* **Records to process**:

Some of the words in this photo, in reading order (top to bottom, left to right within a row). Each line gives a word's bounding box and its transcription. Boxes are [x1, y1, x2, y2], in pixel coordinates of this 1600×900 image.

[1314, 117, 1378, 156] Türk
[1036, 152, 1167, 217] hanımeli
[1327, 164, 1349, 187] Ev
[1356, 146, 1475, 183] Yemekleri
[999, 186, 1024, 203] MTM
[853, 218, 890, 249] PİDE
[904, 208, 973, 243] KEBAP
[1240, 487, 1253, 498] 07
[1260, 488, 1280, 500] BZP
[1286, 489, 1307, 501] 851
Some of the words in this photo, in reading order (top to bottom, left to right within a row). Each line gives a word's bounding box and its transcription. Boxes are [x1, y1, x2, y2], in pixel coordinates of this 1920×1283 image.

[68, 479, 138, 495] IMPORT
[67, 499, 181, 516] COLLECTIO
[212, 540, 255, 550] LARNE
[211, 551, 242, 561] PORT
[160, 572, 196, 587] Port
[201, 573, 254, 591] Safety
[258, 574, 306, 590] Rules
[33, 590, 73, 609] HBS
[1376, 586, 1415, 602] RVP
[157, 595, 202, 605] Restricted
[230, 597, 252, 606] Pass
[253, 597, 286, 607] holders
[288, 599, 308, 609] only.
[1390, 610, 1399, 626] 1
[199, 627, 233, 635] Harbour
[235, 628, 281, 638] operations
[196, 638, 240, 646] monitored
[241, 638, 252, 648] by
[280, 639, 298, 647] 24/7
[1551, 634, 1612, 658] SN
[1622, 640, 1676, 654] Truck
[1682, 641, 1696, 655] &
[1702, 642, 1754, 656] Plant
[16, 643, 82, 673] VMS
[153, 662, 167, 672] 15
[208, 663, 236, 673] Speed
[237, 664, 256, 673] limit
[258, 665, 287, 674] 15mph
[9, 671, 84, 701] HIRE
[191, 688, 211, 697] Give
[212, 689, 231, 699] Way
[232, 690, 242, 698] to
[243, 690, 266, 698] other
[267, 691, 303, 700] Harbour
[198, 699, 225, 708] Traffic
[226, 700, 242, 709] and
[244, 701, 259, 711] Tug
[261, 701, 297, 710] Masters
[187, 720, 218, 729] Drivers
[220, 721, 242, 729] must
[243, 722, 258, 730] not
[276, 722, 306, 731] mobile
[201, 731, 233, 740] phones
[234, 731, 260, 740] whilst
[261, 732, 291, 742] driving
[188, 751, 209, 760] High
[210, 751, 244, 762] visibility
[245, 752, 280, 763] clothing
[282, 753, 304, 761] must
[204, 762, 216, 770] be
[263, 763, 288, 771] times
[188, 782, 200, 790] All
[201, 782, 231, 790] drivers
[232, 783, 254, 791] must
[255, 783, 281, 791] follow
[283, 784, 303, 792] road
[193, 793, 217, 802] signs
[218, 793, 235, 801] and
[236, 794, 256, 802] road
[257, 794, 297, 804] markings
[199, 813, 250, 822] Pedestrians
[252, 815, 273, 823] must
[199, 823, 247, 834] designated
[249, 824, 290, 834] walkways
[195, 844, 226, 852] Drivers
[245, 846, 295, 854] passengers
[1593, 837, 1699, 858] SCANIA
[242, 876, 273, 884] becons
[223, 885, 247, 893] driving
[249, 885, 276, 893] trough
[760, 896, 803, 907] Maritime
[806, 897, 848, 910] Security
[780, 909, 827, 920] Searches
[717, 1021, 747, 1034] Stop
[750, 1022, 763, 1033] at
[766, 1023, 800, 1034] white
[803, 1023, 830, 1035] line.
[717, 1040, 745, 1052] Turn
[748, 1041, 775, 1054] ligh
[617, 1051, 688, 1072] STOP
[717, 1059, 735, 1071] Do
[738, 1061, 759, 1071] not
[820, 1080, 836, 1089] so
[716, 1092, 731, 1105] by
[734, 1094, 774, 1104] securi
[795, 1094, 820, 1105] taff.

* **Task**: Count every line of the records that includes "Boxes", and give that number with no other words.

* **Problem solution**: 2